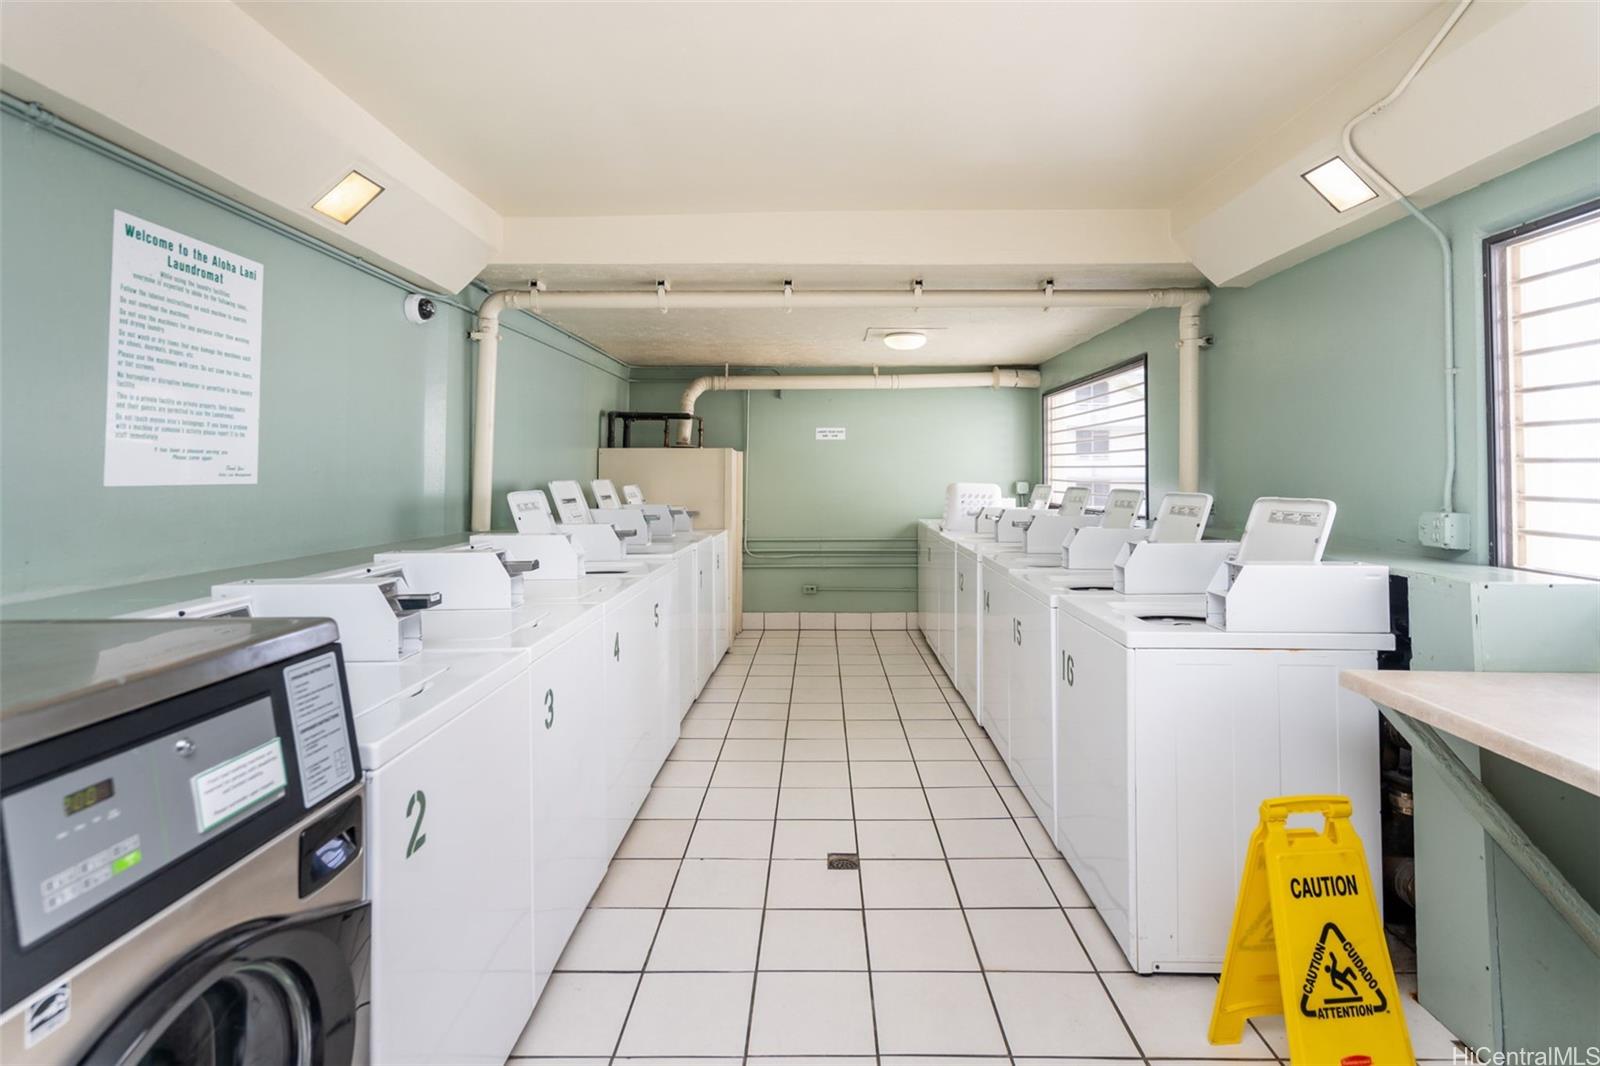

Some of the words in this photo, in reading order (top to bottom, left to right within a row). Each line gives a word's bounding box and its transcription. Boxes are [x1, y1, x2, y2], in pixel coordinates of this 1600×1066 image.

[124, 223, 174, 252] Welcome
[179, 243, 189, 257] to
[193, 248, 208, 264] the
[212, 255, 237, 274] Aloha
[240, 265, 257, 281] Lani
[167, 255, 224, 284] Laundromat
[654, 602, 660, 628] 5
[1012, 617, 1022, 647] 15
[613, 631, 620, 662] 4
[1062, 649, 1075, 687] 16
[543, 688, 554, 730] 3
[406, 789, 427, 860] 2
[1290, 874, 1359, 899] CAUTION
[1303, 942, 1326, 994] CAUTION
[1343, 941, 1378, 990] CUIDADO
[1317, 1003, 1374, 1020] ATTENTION

● ● ● ● ●

• What to work on: Print out the complete listing above exactly, dropping each image.

• Answer space:
Some of the words in this photo, in reading order (top to bottom, left to right within a row). Each line gives a word's bounding box and its transcription. Boxes are [x1, y1, x2, y2], in pixel coordinates of this 1600×1066 image.

[124, 223, 174, 252] Welcome
[179, 243, 189, 257] to
[193, 248, 208, 264] the
[212, 255, 237, 274] Aloha
[240, 265, 257, 281] Lani
[167, 255, 224, 284] Laundromat
[654, 602, 660, 628] 5
[1012, 617, 1022, 647] 15
[613, 631, 620, 662] 4
[1062, 649, 1075, 687] 16
[543, 688, 554, 730] 3
[406, 789, 427, 860] 2
[1290, 874, 1359, 899] CAUTION
[1303, 942, 1326, 994] CAUTION
[1343, 941, 1378, 990] CUIDADO
[1317, 1003, 1374, 1020] ATTENTION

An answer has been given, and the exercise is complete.